Findings  In this cohort study of active duty US military members between 2016 and 2020, three-fourths of all mental health care visits occurred in military treatment facilities. When military treatment facility psychiatrist capacity within a 30-minute driving time changed from zero to high capacity, the probability of mental health care visits to military treatment facilities increased by 0.95 percentage points, and there was no change for visits to civilian psychiatrists; when civilian psychiatrist capacity changed from zero to high, the visit rate to military treatment facilities decreased by 2.58 percentage points, while the visit rate to civilian psychiatrists increased by 0.57 percentage points.

Meaning  This study suggests that realigning military treatment facility psychiatrists across communities with shortages and high-capacity military treatment facilities, as well as addressing nongeographical barriers in the civilian sector, remain critical to achieve the optimal balance between military and civilian care provision.

Abstract

Importance  Understanding how the active duty military population’s mental health care use is associated with local military and civilian psychiatrist capacity is critical in designing the optimal allocation of mental health resources from both sectors to improve the mental health of military personnel.

Objective  To evaluate whether the probability of mental health care visits by military personnel changes when psychiatrist capacity changes in their communities, when capacity is measured separately for military treatment facilities and civilian sectors.

Design, Setting, and Participants  This cohort study of active duty US military service members between January 1, 2016, and September 30, 2020, combines data from the Defense Health Agency, the National Plan and Provider Enumeration System, and the US Census. Data were collected and analyzed from June 2022 to July 2023.

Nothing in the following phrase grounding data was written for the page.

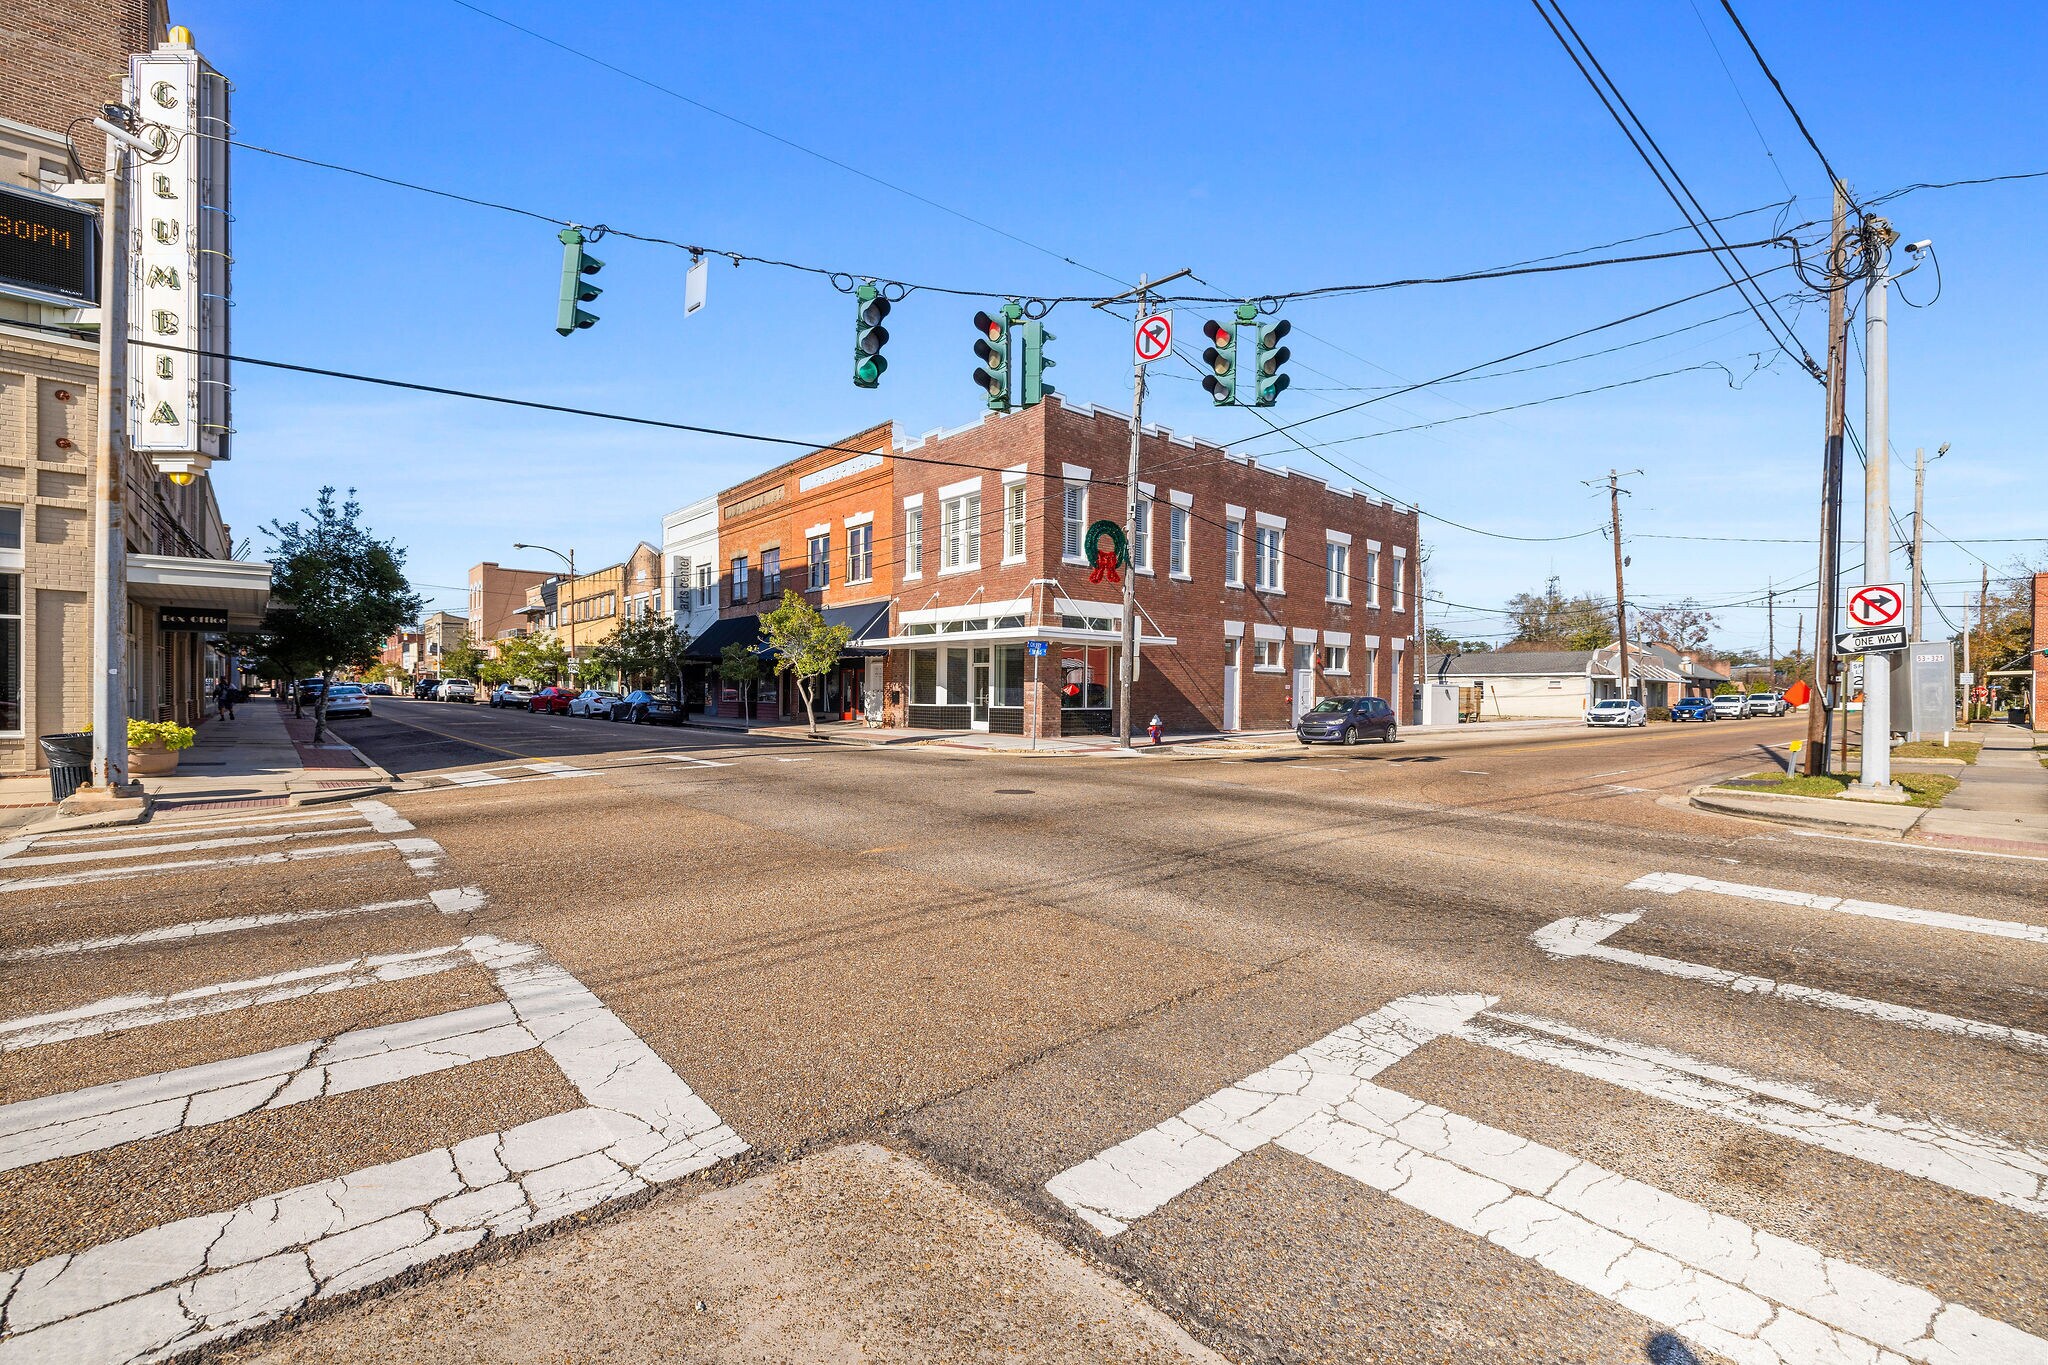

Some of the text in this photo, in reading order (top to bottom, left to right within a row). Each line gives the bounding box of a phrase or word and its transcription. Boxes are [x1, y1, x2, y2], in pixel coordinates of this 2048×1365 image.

[146, 80, 181, 426] COLUMBIA
[677, 556, 690, 610] arts center
[162, 615, 185, 623] Box
[1854, 633, 1899, 647] ONE WAY
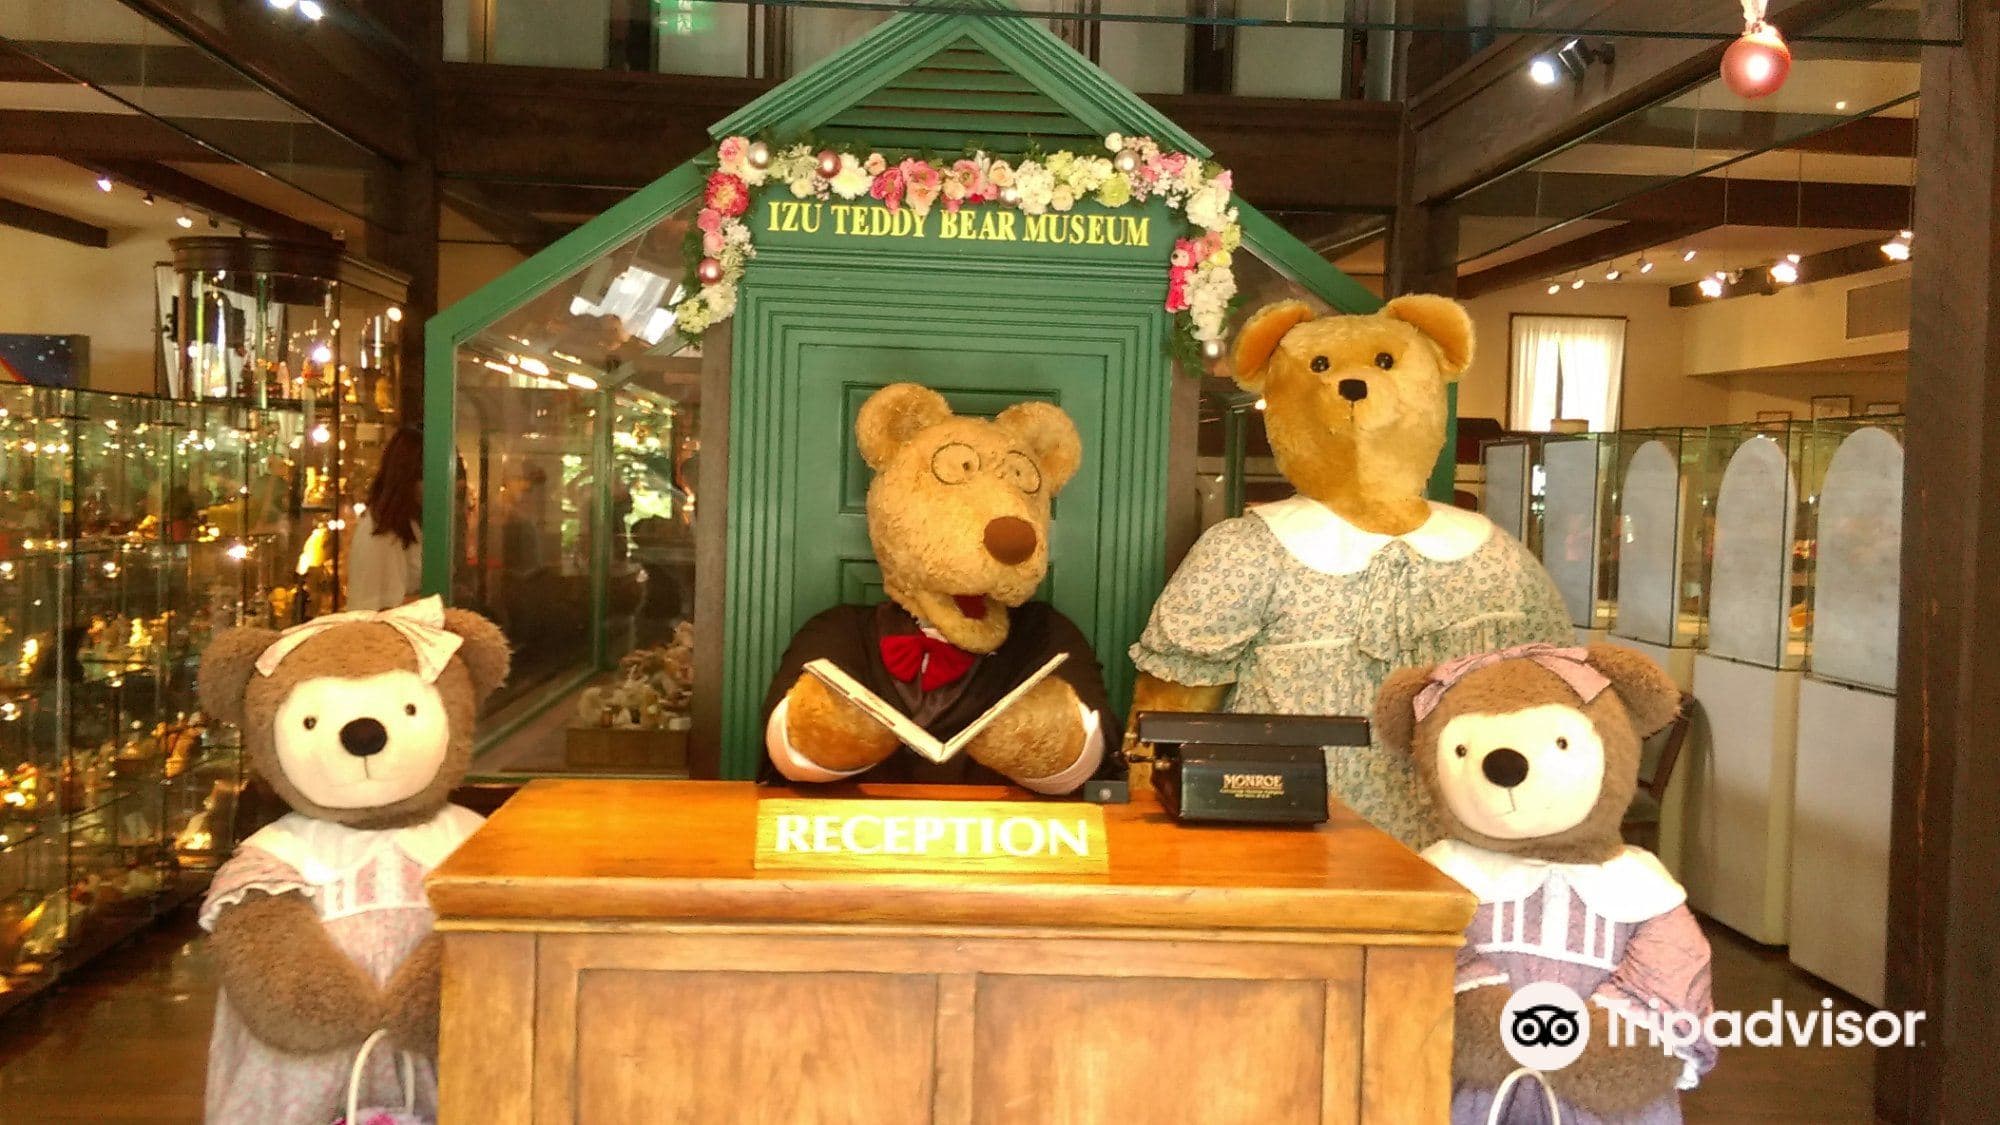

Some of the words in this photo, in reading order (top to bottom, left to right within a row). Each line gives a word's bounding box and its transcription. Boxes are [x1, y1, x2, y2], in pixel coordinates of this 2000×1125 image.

[767, 201, 822, 233] IZU
[830, 205, 928, 238] TEDDY
[938, 209, 1017, 242] BEAR
[1022, 213, 1150, 247] MUSEUM
[1223, 774, 1284, 789] MONROE
[774, 814, 1090, 857] RECEPTION
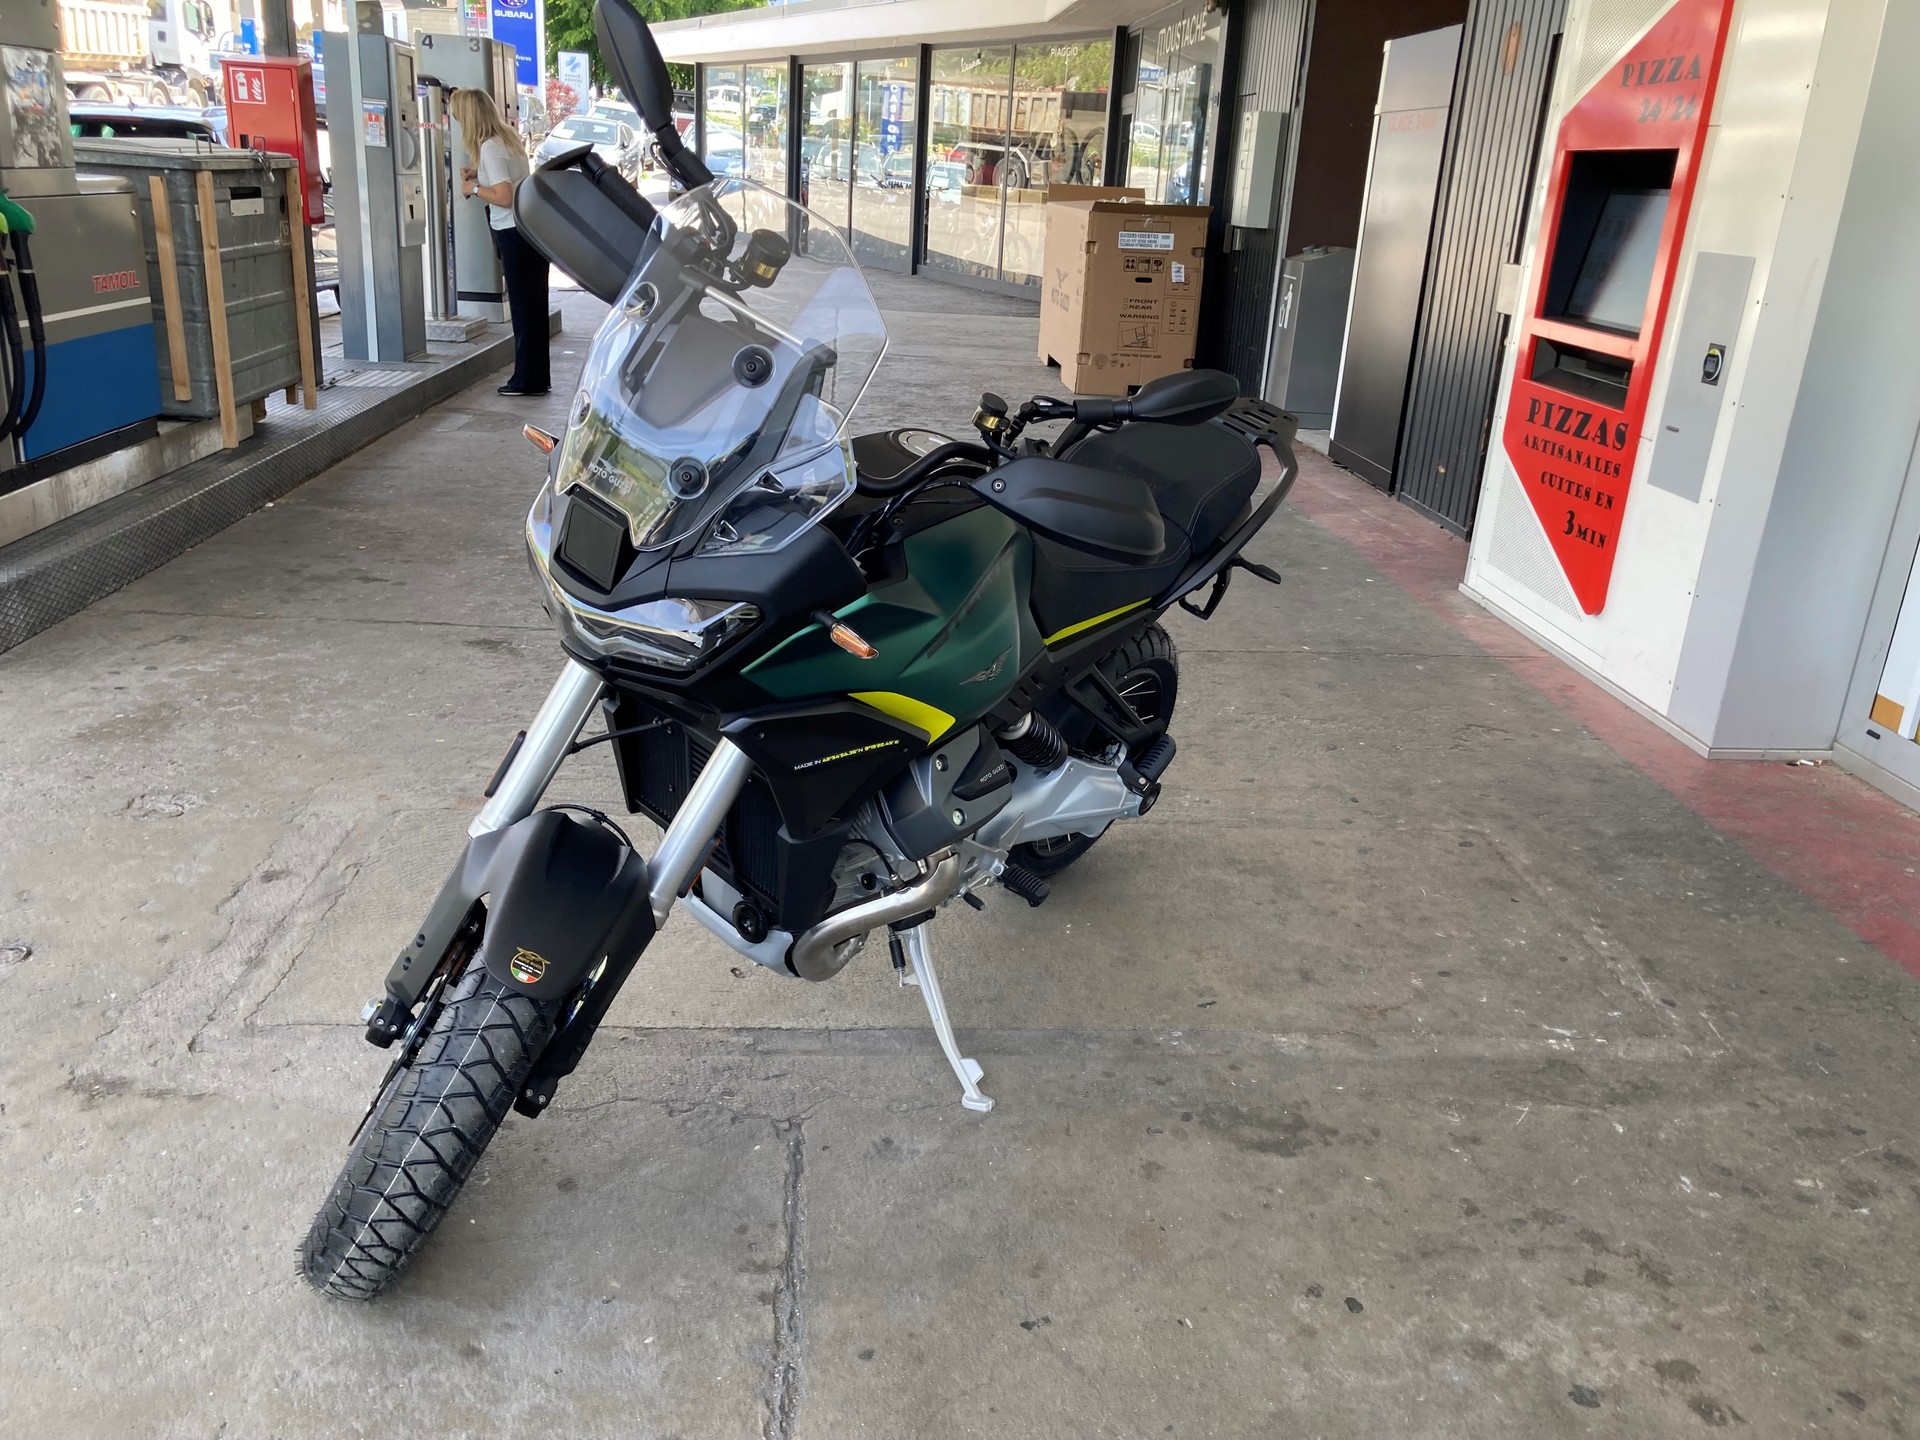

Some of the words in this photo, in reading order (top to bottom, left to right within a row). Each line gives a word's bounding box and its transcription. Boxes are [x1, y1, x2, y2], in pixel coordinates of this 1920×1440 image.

Main Outcomes and Measures  The main outcome was the probability of making at least 1 mental health care visit in a given quarter at military treatment facilities and in civilian settings. Linear probability models with 2-dimensional fixed effects at individual and community levels were implemented to estimate changes in individual outcomes when community psychiatrist capacity changed.

Results  This study includes 1 958 421 US service members (83% men; mean [SD] age at baseline, 28.4 [8.0] years). Thirteen percent of service members did not have military treatment facility psychiatrists available within a 30-minute driving time, and 66% lived in communities with a psychiatrist shortage (<1 psychiatrist per 20 000 relevant population), while 9% lived in communities with high (>3 psychiatrists per 20 000 relevant population) military treatment facility psychiatrist capacity. Five percent of service members lived in communities with no civilian psychiatrists within a 30-minute driving time, while 66% lived in communities with high civilian psychiatrist capacity. The mean quarterly mental health care visit rates to military treatment facilities and civilian settings were 7% and 2%, respectively. The probability of a mental health care visit to a military treatment facility increased by 0.95 percentage points (95% CI, 0.79-1.10 percentage points; equivalent to 14%) when the individual experienced a change in military treatment facility capacity from no psychiatrist to high capacity. The probability of a mental health care visit to a civilian setting increased by 0.57 percentage points (95% CI, 0.38-0.76 percentage points; equivalent to 32%) when civilian capacity changed from no psychiatrist to high capacity. The magnitude of responses to military treatment facility capacity changes remained similar in communities that already had high civilian capacity.

Conclusions and Relevance  This cohort study of the US military population suggests that active duty military personnel rely largely on military treatment facilities for their mental health care and that there are meaningful responses to military treatment facility psychiatrist capacity changes even in communities with high civilian psychiatric capacity. Realigning military treatment facility psychiatrists across communities with shortages and high-capacity military treatment facilities, as well as addressing nongeographical barriers in the civilian sector, remain critical to achieve the optimal balance between military and civilian care provision.